The Patriot Post® · Why Is the Media Making Such a Fuss Over the Orban-Trump Meeting?
By Steve Rogers
President Trump just concluded a very warm and productive Oval Office meeting with Hungarian Prime Minister Viktor Orban, and the American press is working overtime to make that seem like an outrage.
Orban is no stranger to this kind of treatment from America’s media establishment. A New York Times columnist, for instance, once referred to him as a “fascist” without reservation. The press as a whole has tried to pin the “authoritarian” label on this democratically-elected leader based on trivialities, such as his government rejecting a “university” funded by left-wing billionaire George Soros and eliminating state subsidies for gender studies courses.
Most ridiculously, these desperate media attacks try to paint Orban and the people of Hungary as mere stooges of Vladimir Putin, even though Orban was an anti-communist dissident who risked his life to free his country from the grip of the Soviet empire, and now leads a country that suffered brutal Russian invasions three times in the 20th century.
The real reason Orban provokes such disgust and derision from American elites actually has nothing to do with their fanciful tales of fascism or conspiracy theories about Russia. These self-appointed gatekeepers of acceptability hate Orban because his existence proves them wrong.
In 2015, Hungary was inundated by a wave of Middle Eastern and North African migrants trampling across Europe, a situation that threatened Hungary’s very existence as a sovereign nation-state. Orban responded to Hungary’s border crisis with the same obvious solution that President Trump has been advocating for nearly four years: he built a wall.
The American mainstream media have mocked and attacked Trump’s border wall as “immoral” and “ineffective,” yet the Hungarian example demonstrated that border walls are just as effective as President Trump has claimed. Hungarian officials have even explained to us in detail how the United States can emulate their success.

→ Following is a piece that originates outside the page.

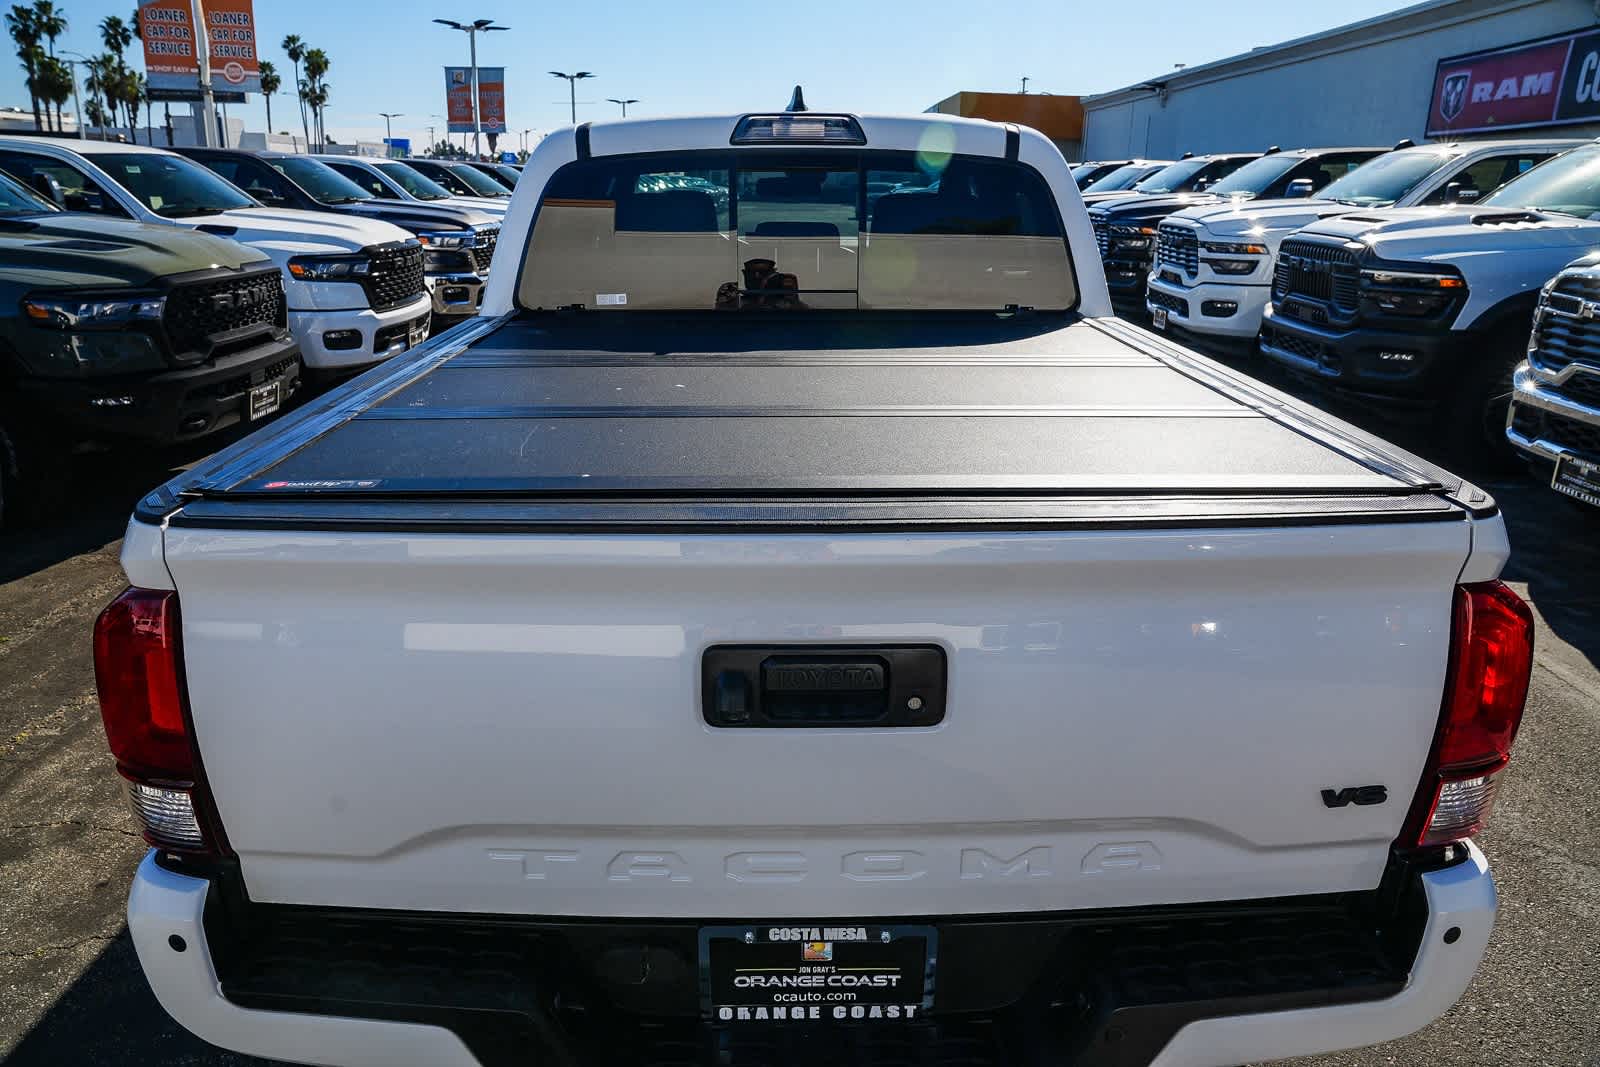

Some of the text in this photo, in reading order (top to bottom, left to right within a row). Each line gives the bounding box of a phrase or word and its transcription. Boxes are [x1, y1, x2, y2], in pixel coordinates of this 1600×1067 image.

Orban’s winning nationalist agenda is also extremely popular among Hungarian voters. In eight years, Orban has decisely won four elections, achieving his widest margin of victory yet in last year’s election.
This is a nightmare scenario that is clearly preying on the minds of American liberal elites. Orban is living proof that not only can Trumpism work, but it might foster a permanent nationalist electoral coalition in this country.

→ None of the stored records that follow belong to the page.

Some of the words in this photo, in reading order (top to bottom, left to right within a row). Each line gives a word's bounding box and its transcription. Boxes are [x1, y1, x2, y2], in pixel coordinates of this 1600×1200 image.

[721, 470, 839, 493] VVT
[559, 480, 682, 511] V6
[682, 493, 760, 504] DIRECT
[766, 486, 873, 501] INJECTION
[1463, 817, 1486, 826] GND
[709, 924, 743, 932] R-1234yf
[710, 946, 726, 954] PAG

By rolling out the red carpet for Viktor Orban, Trump was doing more than just goading the press into throwing a tantrum over a perfectly normal meeting with a European leader — although I’m sure that wasn’t far from the President’s mind.
The handshake with Orban sent a clear signal that the MAGA revolution that elected Donald Trump president is part of a global movement — the American incarnation of a nationalist awakening in the West that was already well underway.
Orban’s return to power in 2010 following an eight-year hiatus was a turning point in that movement’s history. His steadfast refusal to surrender Hungary’s borders to the whims of open-borders globalists in 2015 was in many ways the movement’s debut on the world stage.
Donald Trump, as a nascent presidential candidate back then, was able to use that crisis to awaken the American public to the threats we face and the forces aligned against us. Trump and his supporters took inspiration from Orban’s response to the migrant crisis, particularly the quickly-built and strikingly effective border wall.
Almost four years later, Viktor Orban was able to make a triumphant visit to a White House in which the same spirit reigns.
The liberal press scrambled to dishonestly portray the meeting as a breach of decorum, just as they’ve tried to invent reasons to falsely claim that both Orban and Trump are somehow not legitimate, democratically elected leaders.
But the media monopoly on public discourse in America is not nearly so strong as it once was. Their fear-mongering and hysterical narratives can’t stop the global march of the nationalist right in Hungary, in Matteo Salvini’s Italy, in Jair Bolsonaro’s Brazil — and especially not here in Donald Trump’s America.
Steven Rogers is a retired U.S. Navy intelligence officer and a former member of the FBI National Joint Terrorism Task Force. He is a member of the Donald J. Trump for President 2020 Campaign Advisory Board.